According to the provisions of the Notice on Income Tax Related to Enterprise Merger and Separation (Guo Shui Fa [2000]1KLOC-0/9), the merged enterprise shall be regarded as the income from asset transfer obtained from the fair value transfer and disposal of all assets, and shall pay income tax according to law. The losses of the merged enterprise in the previous year shall not be carried forward to the merged enterprise to make up. When the merged enterprise accepts the related assets of the merged enterprise, it can determine the cost according to the value confirmed by the evaluation. Shareholders of the merged enterprise obtain the equity of the merged enterprise as liquidation distribution. ? Specifically, the tax treatment methods of both parties are as follows:

1, tax treatment of merged enterprises. No matter how it is handled in accounting, it is required to calculate the income from property transfer for the merged enterprise, that is, the cash and other costs paid by the merged enterprise for the merger MINUS the tax cost of the net assets of the merged enterprise on the base date, and the income from property transfer is included in the taxable income of the current period. If the merged enterprise has uncompensated losses before the merger, it can be offset by the income from property transfer, and the balance should be subject to enterprise income tax. Losses that are insufficient to make up shall not be carried forward to the merged enterprise for making up.

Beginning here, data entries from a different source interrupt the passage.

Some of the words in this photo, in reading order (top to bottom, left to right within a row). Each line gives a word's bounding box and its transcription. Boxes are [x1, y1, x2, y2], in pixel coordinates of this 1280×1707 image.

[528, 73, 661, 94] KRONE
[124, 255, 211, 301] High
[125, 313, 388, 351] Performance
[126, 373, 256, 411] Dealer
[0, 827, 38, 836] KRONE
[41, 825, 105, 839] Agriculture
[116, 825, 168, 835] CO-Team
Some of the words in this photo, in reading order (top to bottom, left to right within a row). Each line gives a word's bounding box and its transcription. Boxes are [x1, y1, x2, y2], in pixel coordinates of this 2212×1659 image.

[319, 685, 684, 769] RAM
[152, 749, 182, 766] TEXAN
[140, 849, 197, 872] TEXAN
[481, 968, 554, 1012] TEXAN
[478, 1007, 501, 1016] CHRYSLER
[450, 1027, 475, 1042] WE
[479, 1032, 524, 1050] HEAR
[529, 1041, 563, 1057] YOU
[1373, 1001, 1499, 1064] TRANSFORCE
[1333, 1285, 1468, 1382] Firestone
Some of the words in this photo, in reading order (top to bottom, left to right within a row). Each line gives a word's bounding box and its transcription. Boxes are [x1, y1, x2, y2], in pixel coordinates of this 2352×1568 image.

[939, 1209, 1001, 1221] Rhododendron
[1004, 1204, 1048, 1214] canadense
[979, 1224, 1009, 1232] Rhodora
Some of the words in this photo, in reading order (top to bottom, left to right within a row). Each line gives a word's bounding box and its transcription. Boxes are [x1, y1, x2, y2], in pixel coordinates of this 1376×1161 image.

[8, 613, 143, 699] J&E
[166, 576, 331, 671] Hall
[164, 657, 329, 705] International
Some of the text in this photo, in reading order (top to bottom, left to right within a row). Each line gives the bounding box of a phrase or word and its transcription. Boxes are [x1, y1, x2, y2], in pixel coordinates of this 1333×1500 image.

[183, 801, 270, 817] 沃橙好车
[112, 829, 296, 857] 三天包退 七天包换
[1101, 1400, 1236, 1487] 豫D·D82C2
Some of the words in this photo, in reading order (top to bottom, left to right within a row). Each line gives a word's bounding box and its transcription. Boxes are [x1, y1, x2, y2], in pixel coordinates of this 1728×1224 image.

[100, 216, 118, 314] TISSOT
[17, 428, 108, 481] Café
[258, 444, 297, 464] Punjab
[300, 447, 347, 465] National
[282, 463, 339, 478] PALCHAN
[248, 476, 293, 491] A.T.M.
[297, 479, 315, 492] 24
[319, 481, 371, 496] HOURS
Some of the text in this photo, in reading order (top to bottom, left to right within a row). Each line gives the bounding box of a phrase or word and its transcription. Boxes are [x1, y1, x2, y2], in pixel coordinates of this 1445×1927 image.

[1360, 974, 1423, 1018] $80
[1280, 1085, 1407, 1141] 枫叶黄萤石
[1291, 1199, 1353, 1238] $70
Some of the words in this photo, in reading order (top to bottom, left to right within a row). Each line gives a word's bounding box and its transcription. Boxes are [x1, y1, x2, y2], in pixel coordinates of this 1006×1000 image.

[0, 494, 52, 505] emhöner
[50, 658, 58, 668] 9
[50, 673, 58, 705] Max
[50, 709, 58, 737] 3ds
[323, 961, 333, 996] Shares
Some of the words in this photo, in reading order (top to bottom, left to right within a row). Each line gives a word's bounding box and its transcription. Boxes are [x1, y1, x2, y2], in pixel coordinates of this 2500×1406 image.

2. Tax treatment of the merged enterprise. If the consolidated price paid by the merged enterprise includes non-cash assets, the non-cash assets shall be treated as sales and income tax shall be paid. In addition, there is no obligation to pay income tax. At the same time, when the merged enterprise accepts the assets of the merged enterprise, it can determine the cost according to the value confirmed by the evaluation.

(2) Tax-free merger

If the enterprise reorganization meets the following conditions at the same time, the special tax treatment provisions shall apply: (1) It has a reasonable commercial purpose, and its main purpose is not to reduce, exempt or delay the payment of taxes. (2) The proportion of assets or equity of the acquired, merged or split part conforms to the proportion stipulated in the tax law. (3) The original substantive business activities of the restructured assets will not be changed within 12 months after the reorganization of the enterprise. (4) The proportion of equity payment involved in the consideration of the restructuring transaction conforms to the provisions of the tax law. (5) The original major shareholder who has made equity payment during enterprise reorganization shall not transfer the acquired equity within 12 months after reorganization. Tax-free merger is only applicable to business combinations that meet certain conditions, that is, business combinations in which the amount of non-equity payment is not higher than 20% of the face value of paid equity, which can basically be classified as stock exchange merger. Relevant tax treatment measures are as follows:

1, tax treatment of the merged enterprise. The merged enterprise does not confirm the gains or losses of all assets transfer, and does not calculate and pay income tax. All enterprise income tax matters before the merger of the merged enterprise shall be borne by the merged enterprise. If the losses in the previous year did not exceed the statutory compensation period, the merged enterprise can continue to make up for them with the income related to the assets of the merged enterprise in the following years. Specifically, it is calculated according to the following formula: the income that can make up the losses of the merged enterprise in a tax year = the income of the merged enterprise before making up the losses in a tax year? The fair value of the net assets of the merged enterprise? The fair value of all the net assets of the merged enterprise after the merger.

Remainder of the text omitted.